# EXERCISE GOAL
From top to bottom, retype the data exactly, passing over any picture.

# PROVIDED INFORMATION

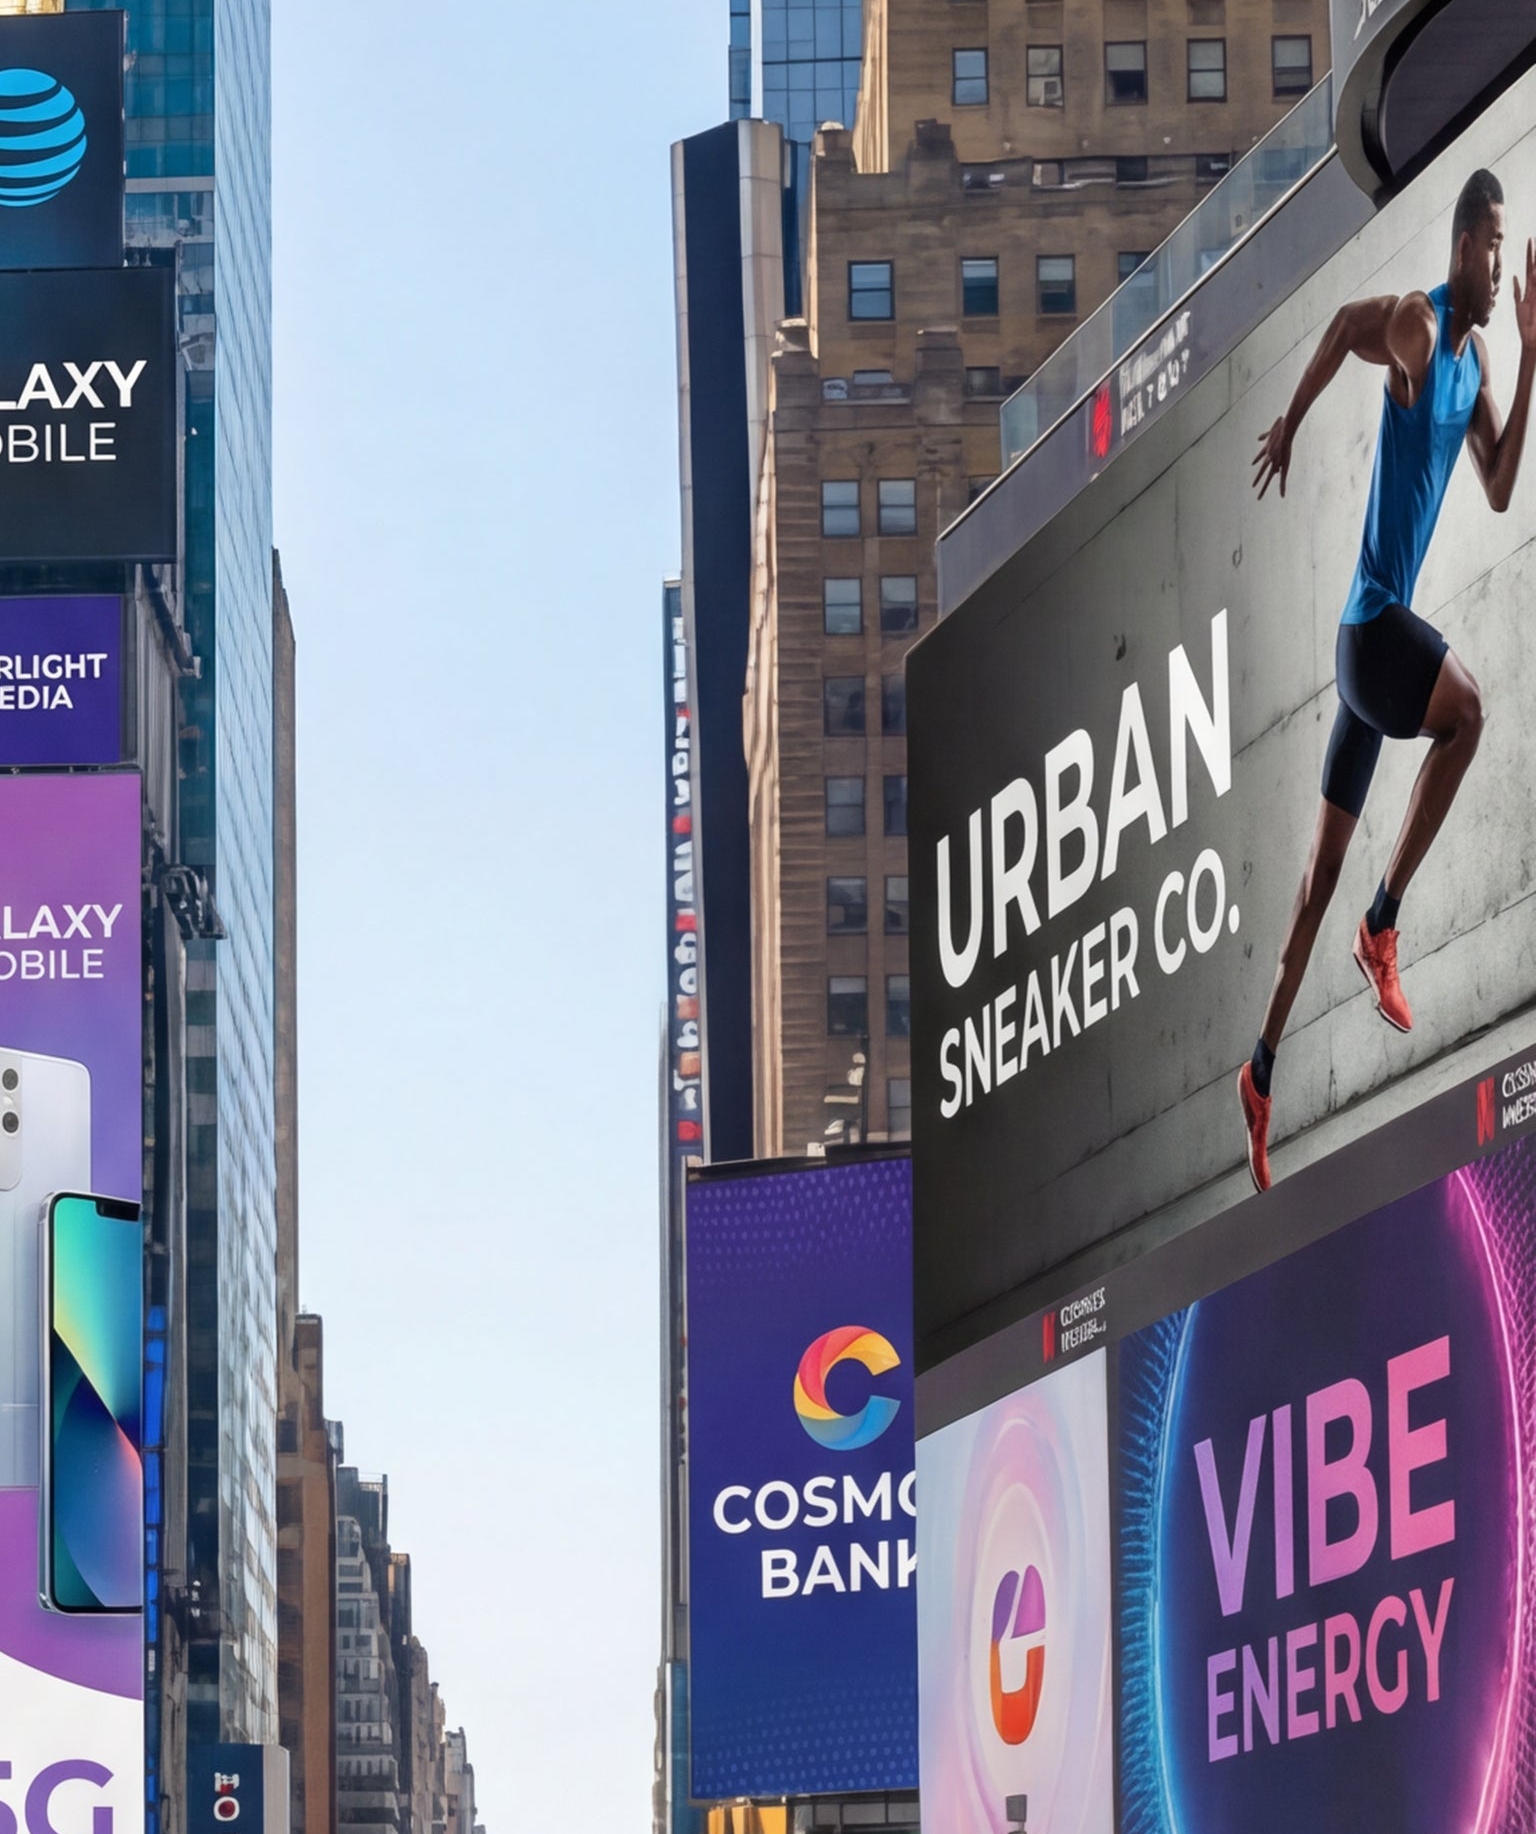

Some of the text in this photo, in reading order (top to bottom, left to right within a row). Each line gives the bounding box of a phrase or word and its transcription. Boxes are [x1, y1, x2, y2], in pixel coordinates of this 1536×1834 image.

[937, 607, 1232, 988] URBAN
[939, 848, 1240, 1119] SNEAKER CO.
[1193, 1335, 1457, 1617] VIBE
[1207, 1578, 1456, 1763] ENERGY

# REPLY
Some of the text in this photo, in reading order (top to bottom, left to right within a row). Each line gives the bounding box of a phrase or word and its transcription. Boxes are [x1, y1, x2, y2], in pixel coordinates of this 1536×1834 image.

[937, 607, 1232, 988] URBAN
[939, 848, 1240, 1119] SNEAKER CO.
[1193, 1335, 1457, 1617] VIBE
[1207, 1578, 1456, 1763] ENERGY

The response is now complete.